-- Opening Marker --

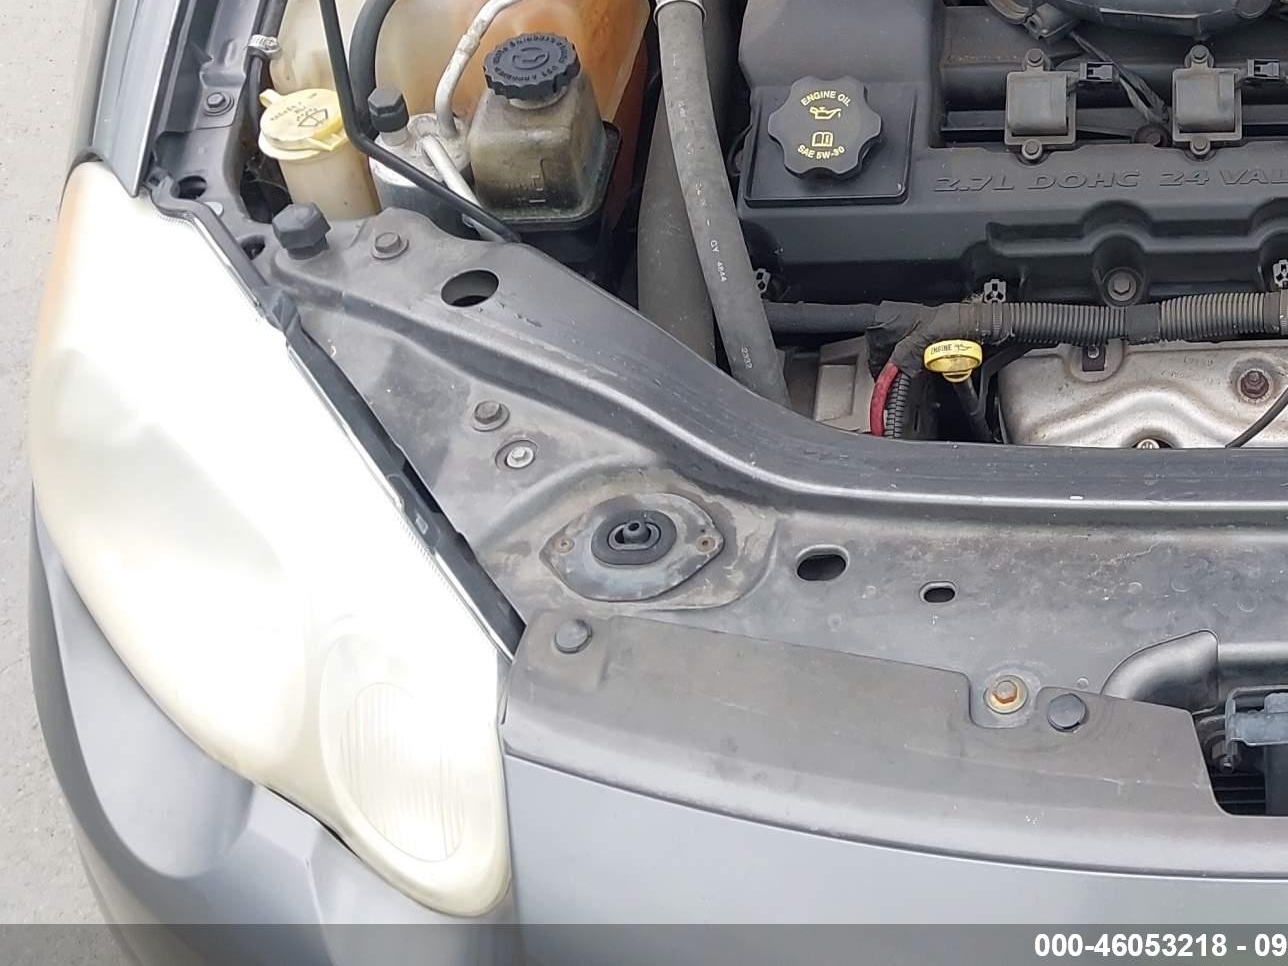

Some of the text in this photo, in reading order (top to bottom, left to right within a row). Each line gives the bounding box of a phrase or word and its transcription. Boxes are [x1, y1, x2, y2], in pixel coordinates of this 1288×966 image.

[800, 90, 851, 107] ENGINE OIL
[798, 144, 815, 158] SAE
[933, 177, 1015, 192] 2.7L
[1027, 172, 1143, 189] DOHC
[1159, 171, 1210, 187] 24

-- Closing Marker --

Leaving the images out, return every record exactly.

Some of the text in this photo, in reading order (top to bottom, left to right within a row). Each line gives the bounding box of a phrase or word and its transcription. Boxes are [x1, y1, x2, y2], in pixel coordinates of this 1288×966 image.

[800, 90, 851, 107] ENGINE OIL
[798, 144, 815, 158] SAE
[933, 177, 1015, 192] 2.7L
[1027, 172, 1143, 189] DOHC
[1159, 171, 1210, 187] 24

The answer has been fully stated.